Попробуйте обойтись без суффиксов, и ваша речь уподобится голосу автомобильного навигатора, который не умеет, как, впрочем, и многие другие, склонять числительные и походить на человека. Приделав к слову необязательный кончик, мы дирижируем отношениями с тем же успехом, с каким японцы распределяют поклоны, тайцы — улыбки, французы — поцелуи и американцы — зарплату. Суффиксы утраивают русский словарь, придавая каждому слову синоним и антоним, причем сразу. Хорошо или плохо быть «субчиком», как я понял еще пионером, зависит от того, кто тебя так зовет — учительница или подружка. Дело в том, что в русском языке, как и в русской жизни, нет ничего нейтрального. Каждая грамматическая категория, даже такая природная, как род, — себе на уме.
— «Умником», — тонко заметил Михаил Эпштейн, — мы называем дурака, а «умницей» — умного, в том числе — мужчину.

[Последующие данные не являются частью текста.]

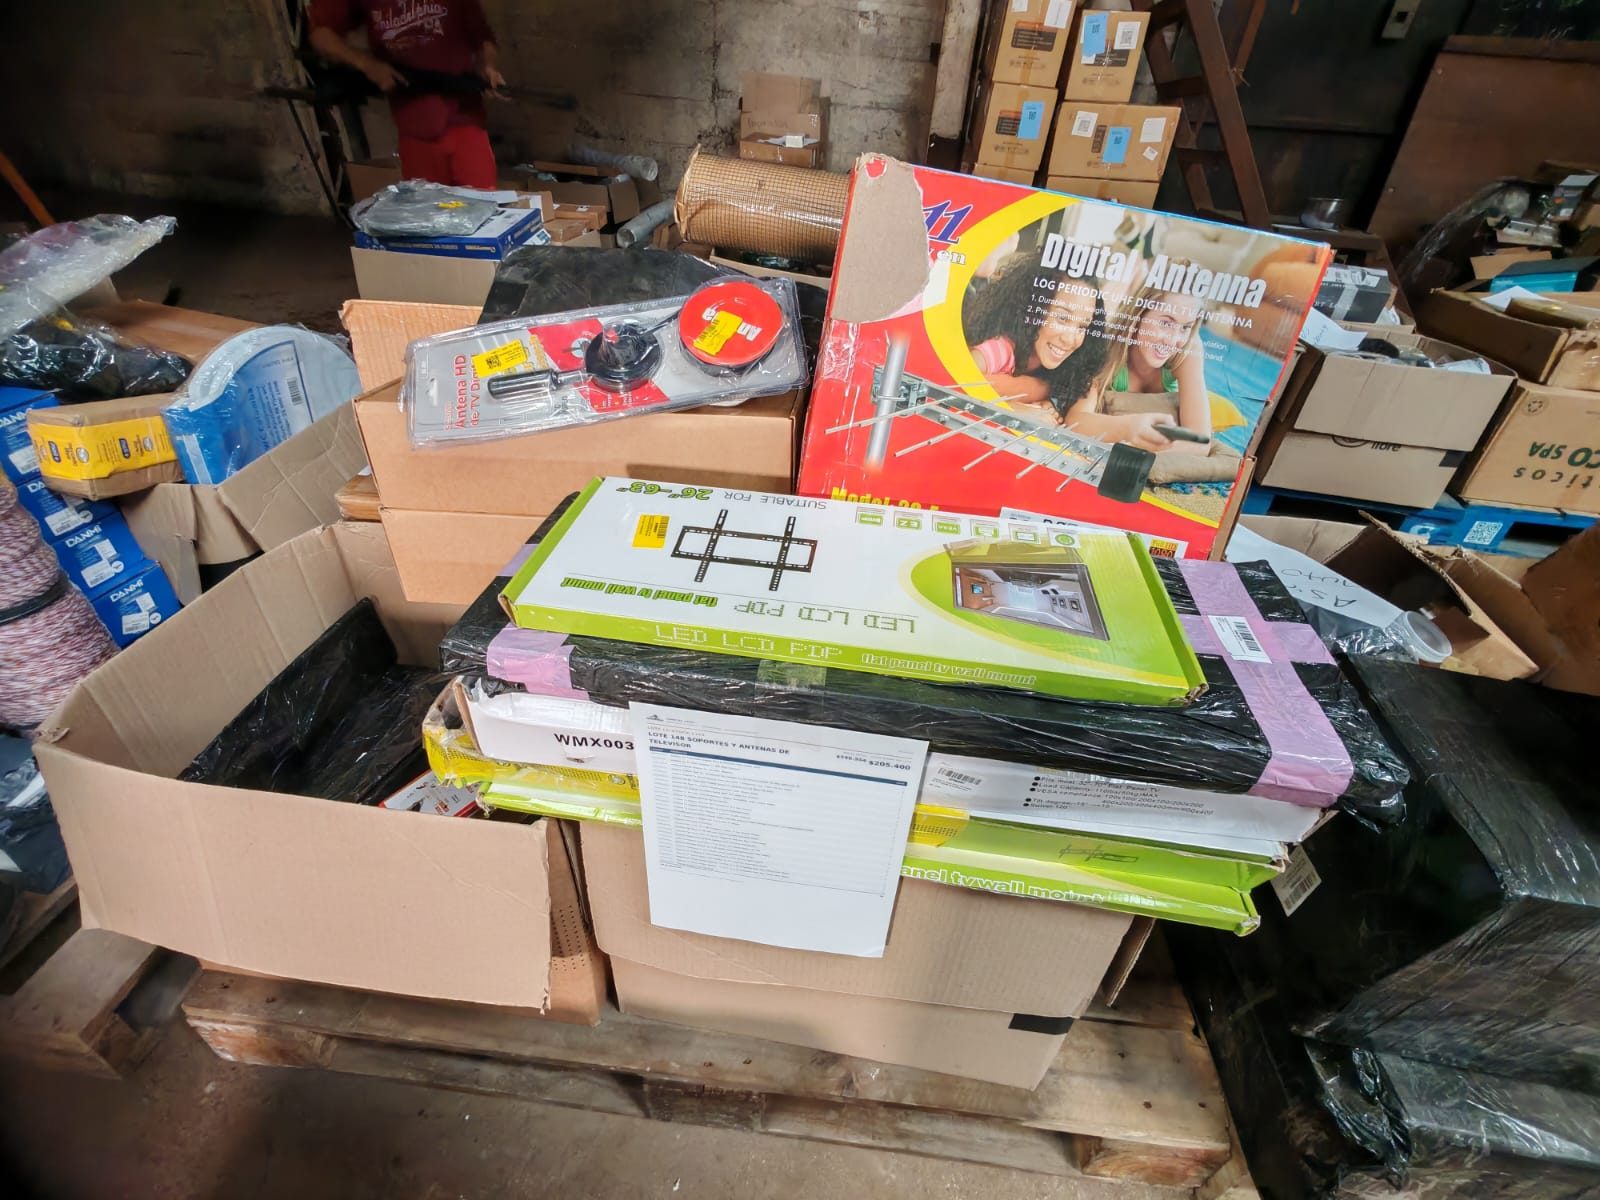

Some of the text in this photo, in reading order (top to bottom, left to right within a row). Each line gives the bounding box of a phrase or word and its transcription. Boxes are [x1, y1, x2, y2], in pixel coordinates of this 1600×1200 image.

[1040, 232, 1267, 308] Digital Antenna
[1033, 276, 1056, 291] LOG
[1057, 280, 1110, 301] PERIODIC
[1111, 293, 1134, 306] UHF
[1135, 298, 1178, 315] DIGITAL
[1197, 310, 1254, 329] ANTENNA
[1032, 317, 1049, 328] UHF
[453, 354, 468, 430] Antena HD
[470, 394, 480, 412] TV
[471, 411, 480, 427] de
[1528, 441, 1568, 460] SPA
[1512, 466, 1600, 489] ticos
[723, 490, 752, 503] FOR
[758, 495, 828, 510] SUITABLE
[560, 576, 719, 608] flat panel tv wall mount
[733, 599, 915, 633] LED LCD PDP
[654, 624, 844, 660] LED LCD PDP
[861, 653, 1038, 686] flat panel tv wall mount
[648, 731, 668, 739] LOTE
[687, 736, 730, 747] SOPORTES
[739, 743, 777, 753] ANTENAS
[649, 738, 692, 748] TELEVISOR
[868, 760, 912, 771] $205.400
[901, 865, 948, 883] anel

Все потому, что русский язык нужен не для того, чтобы мысль донести, а для того, чтобы ее размазать, снабдив оговорками придаточных предложений, которые никак не отпускают читателя, порывающегося, но не решающегося уйти, хотя он и хозяевам надоел, и сам устал топтаться в дверях.

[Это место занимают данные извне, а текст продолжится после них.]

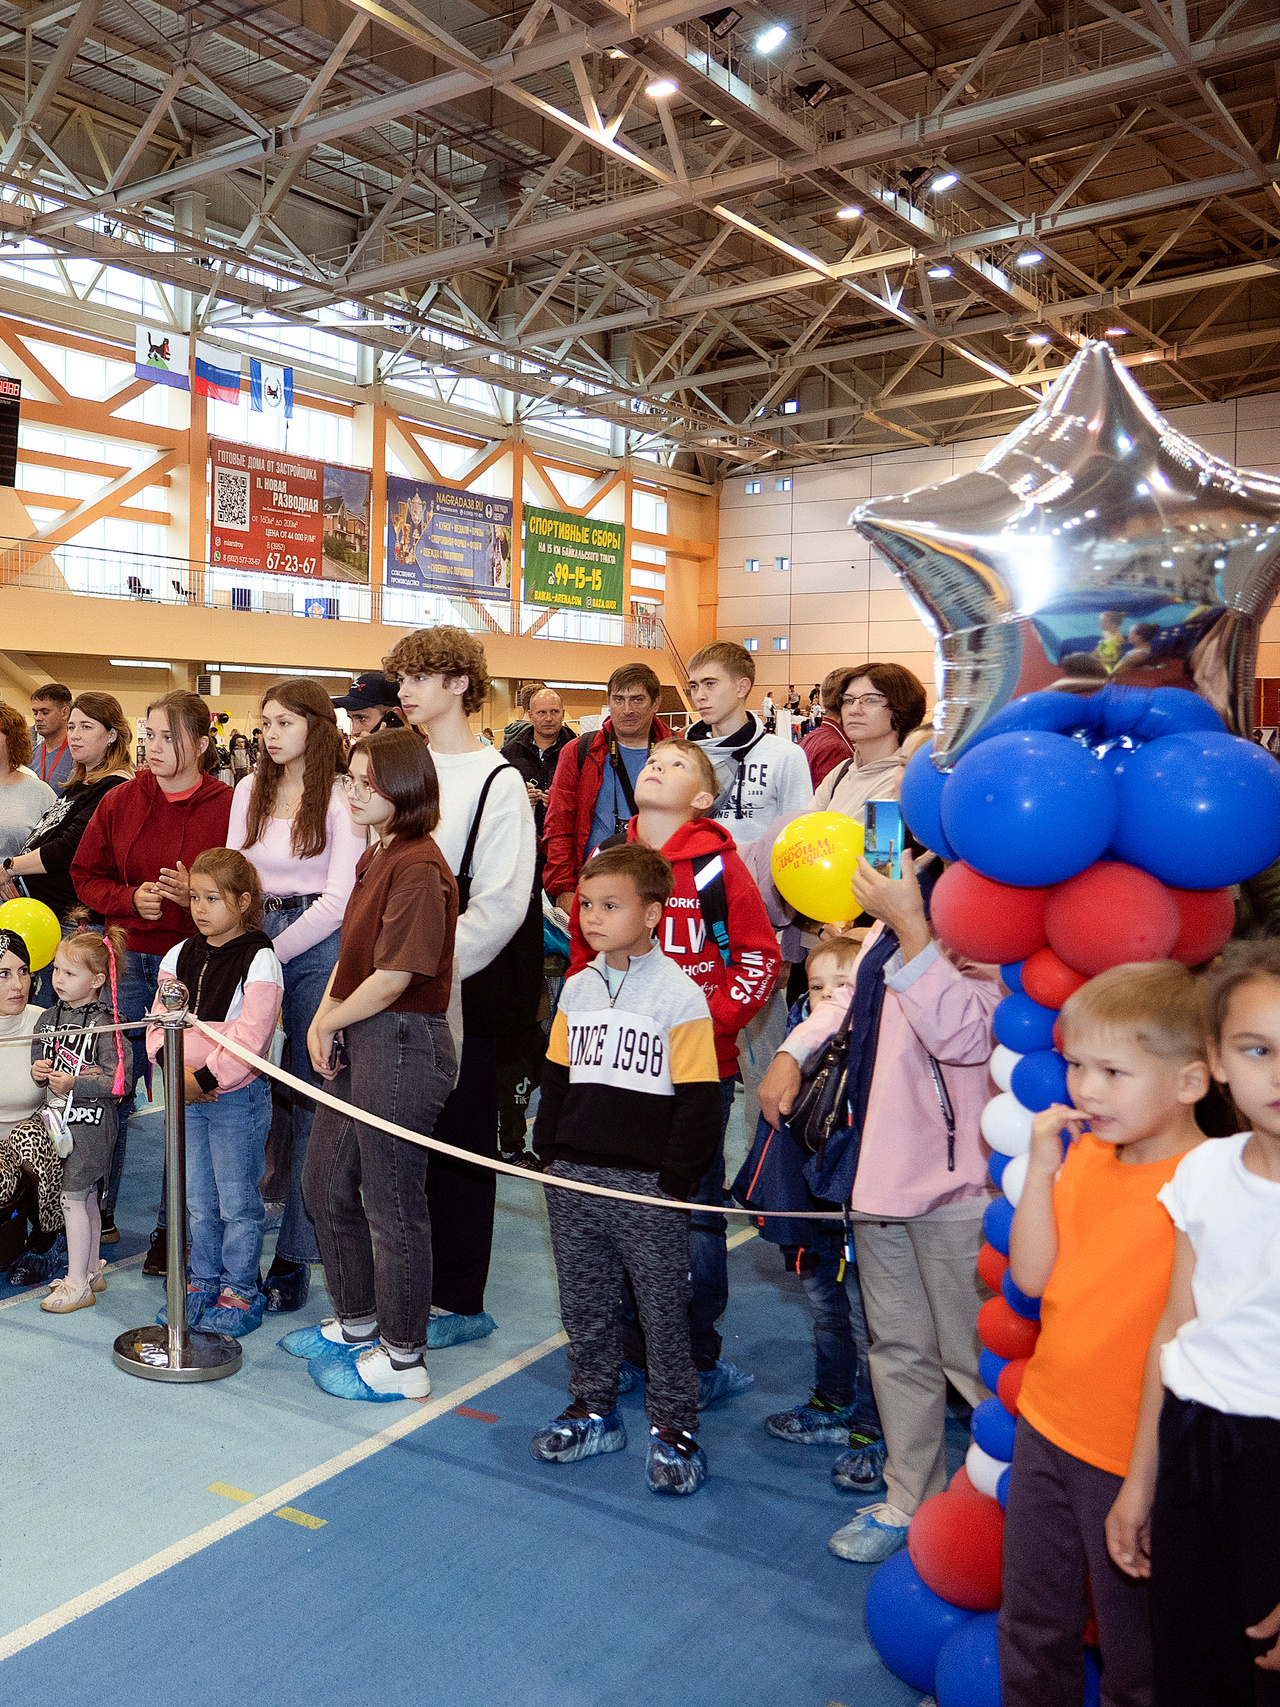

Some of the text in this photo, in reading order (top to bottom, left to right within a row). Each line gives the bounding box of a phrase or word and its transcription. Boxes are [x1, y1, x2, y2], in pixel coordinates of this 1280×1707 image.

[217, 449, 318, 481] ГОТОВЫЕ ДОМА ОТ ЗАСТРОЙЩИКА
[264, 477, 287, 493] НОВАЯ
[272, 491, 319, 513] РАЗВОДНАЯ
[436, 492, 484, 511] NAGRADA38.RU
[265, 528, 279, 538] ЦЕНА
[529, 515, 621, 550] СПОРТИВНЫЕ СБОРЫ
[266, 552, 317, 574] 67-23-67
[538, 542, 546, 553] НА
[561, 545, 599, 562] БАЙКАЛЬСКОГО
[555, 562, 602, 591] 99-15-15
[730, 950, 764, 1005] WAYS
[567, 1023, 663, 1078] INCE 1998

«Бойся, — предупреждает пословица, — гостя не сидящего, а стоящего».
На пороге, говорил Бахтин, заразивший меня мениппеей, общение клубится, вихрится и не кончается — ни у Достоевского, ни у Толстого. На многотомном фоне родной словесности лаконизм кажется переводом с английского, как у Довлатова, который учился ему у американских авторов задолго до того, как к ним переехал.
***
Больше всего я завидую глаголам: в английском ими, если захочет, может стать почти любое слово. Другим языкам приходится труднее. В Австралии, например, есть язык аборигенов, который пользуется всего тремя глаголами, которые всё за них делают. Нам хватает одного, но он — неприличный. В остальных случаях мы пользуемся тире, сшивая им существительные, которых поэтам часто хватает на стихи:
Ночь. Улица. Фонарь. Аптека.
Бессонница. Гомер. Тугие паруса.
Оставив работу читателю, автор не экономит на очевидном, как телеграф, а нанизывает слова, словно четки. Или почки: смысл разбухает, прорастает, распускается сам по себе, без принуждения глагола. Избегая его сужающего насилия, русский язык умеет то, что редко доступно английскому: менять порядок слов. Эта драгоценная семантическая вибрация способна перевести стрелки текста, направив его по новому пути.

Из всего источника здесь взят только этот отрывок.